**The task:**
Before you reproduce the entries that follow, strip out any image they contain and keep the rest exact.

*** Opening of Input data ***

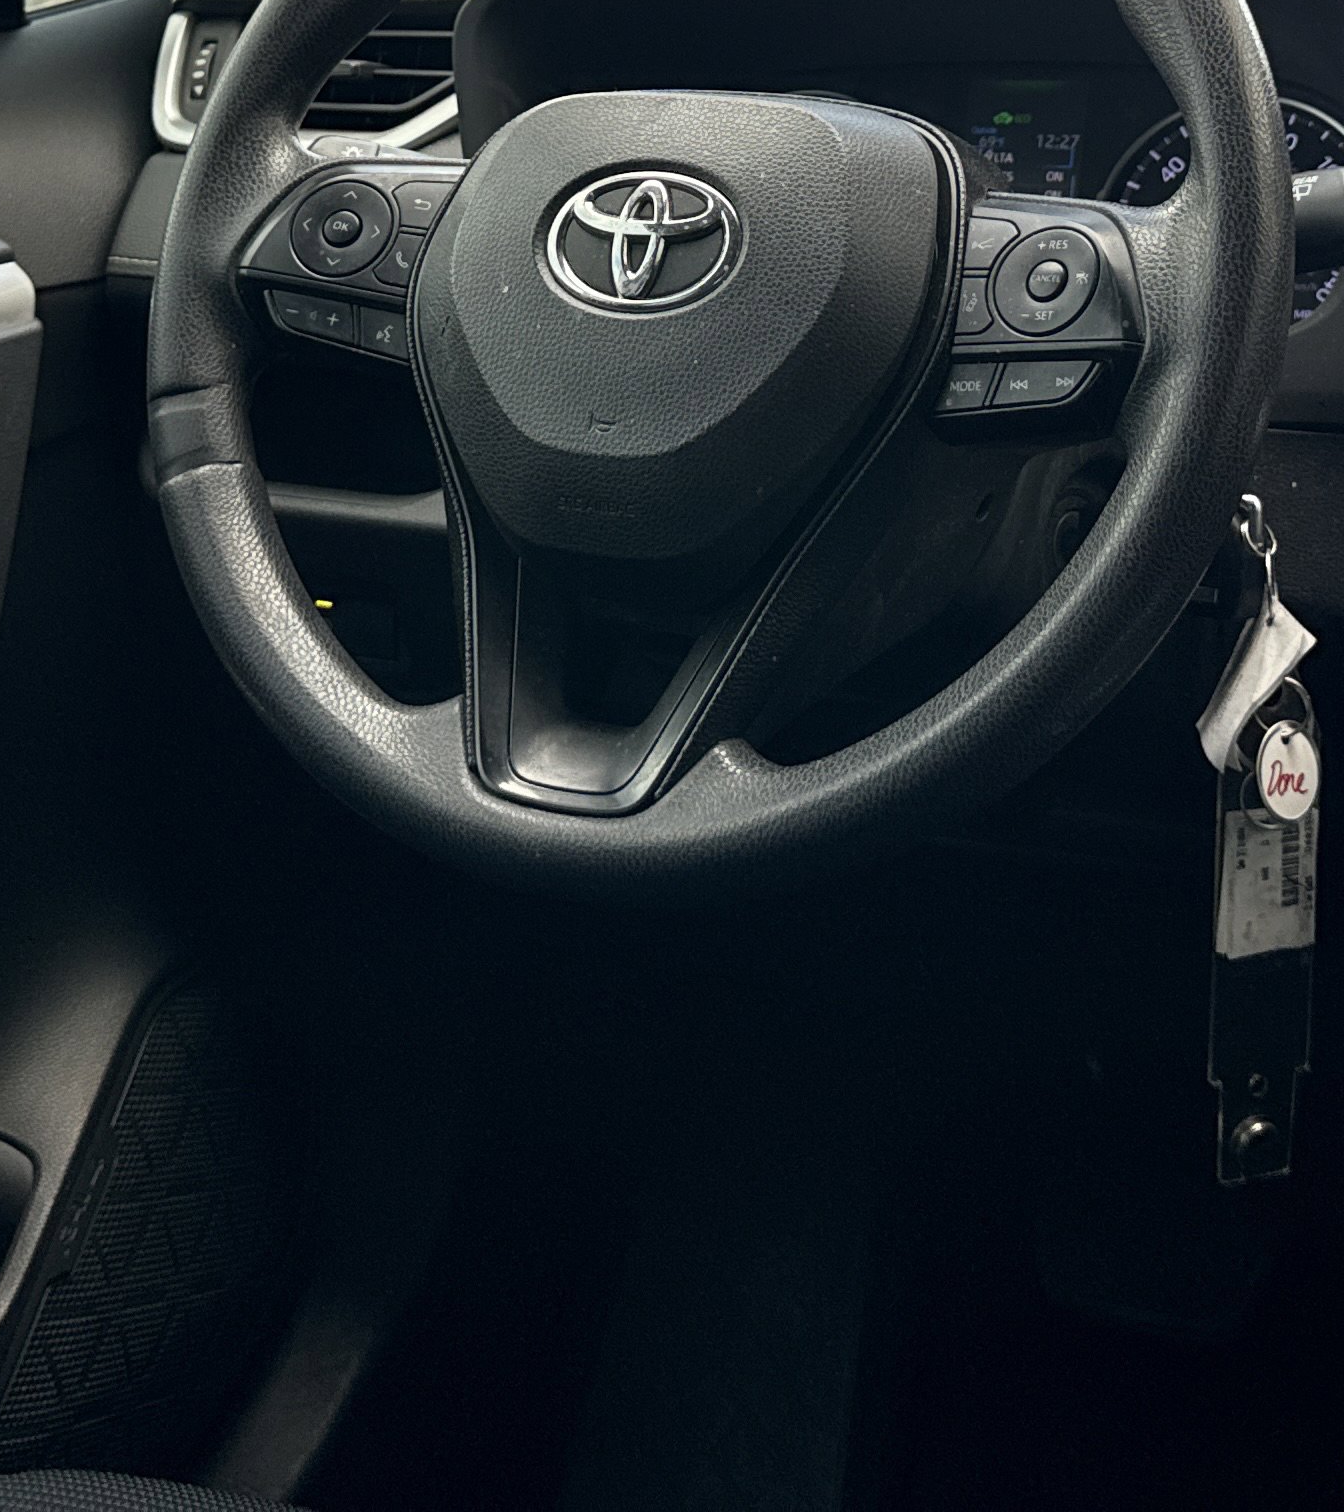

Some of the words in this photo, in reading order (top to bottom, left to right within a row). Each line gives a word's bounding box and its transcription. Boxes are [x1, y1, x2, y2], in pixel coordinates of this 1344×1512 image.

[1037, 134, 1081, 148] 12:27
[1161, 156, 1186, 183] 40
[1045, 171, 1065, 182] ON
[332, 221, 349, 232] OK
[1048, 239, 1069, 249] RES
[1034, 311, 1054, 320] SET
[949, 380, 981, 392] MODE
[1267, 759, 1308, 797] Done
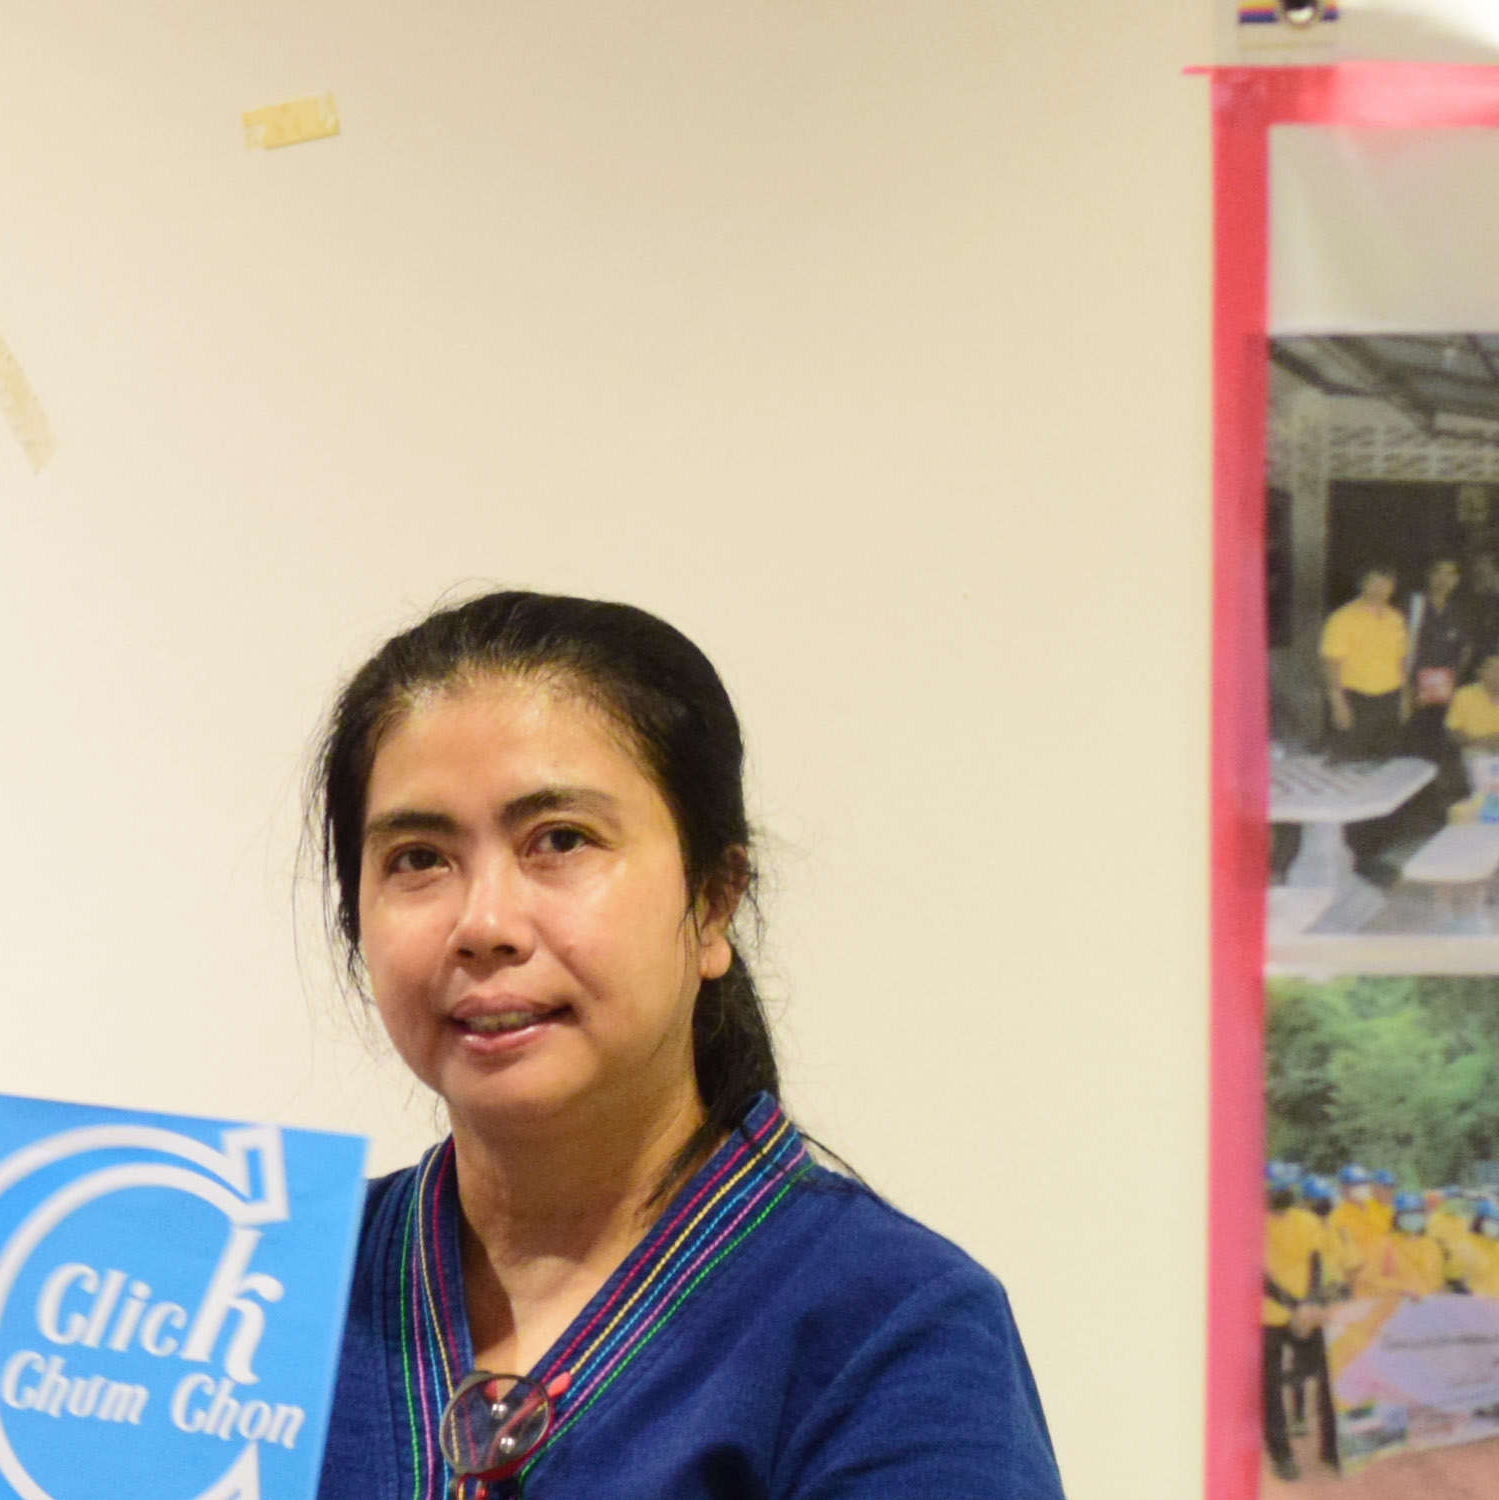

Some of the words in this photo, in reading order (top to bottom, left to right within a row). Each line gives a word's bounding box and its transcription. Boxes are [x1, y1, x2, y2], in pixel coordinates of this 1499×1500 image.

*** Close of Input data ***

**Solution for this problem:**
Some of the words in this photo, in reading order (top to bottom, left to right within a row). Each line gives a word's bounding box and its transcription. Boxes are [x1, y1, x2, y2], in pixel coordinates of this 1344×1512 image.

[1037, 134, 1081, 148] 12:27
[1161, 156, 1186, 183] 40
[1045, 171, 1065, 182] ON
[332, 221, 349, 232] OK
[1048, 239, 1069, 249] RES
[1034, 311, 1054, 320] SET
[949, 380, 981, 392] MODE
[1267, 759, 1308, 797] Done

Some of the words in this photo, in reading order (top to bottom, left to right within a row). Each line gives a word's bounding box and its transcription. Boxes are [x1, y1, x2, y2], in pixel coordinates of this 1499×1500 image.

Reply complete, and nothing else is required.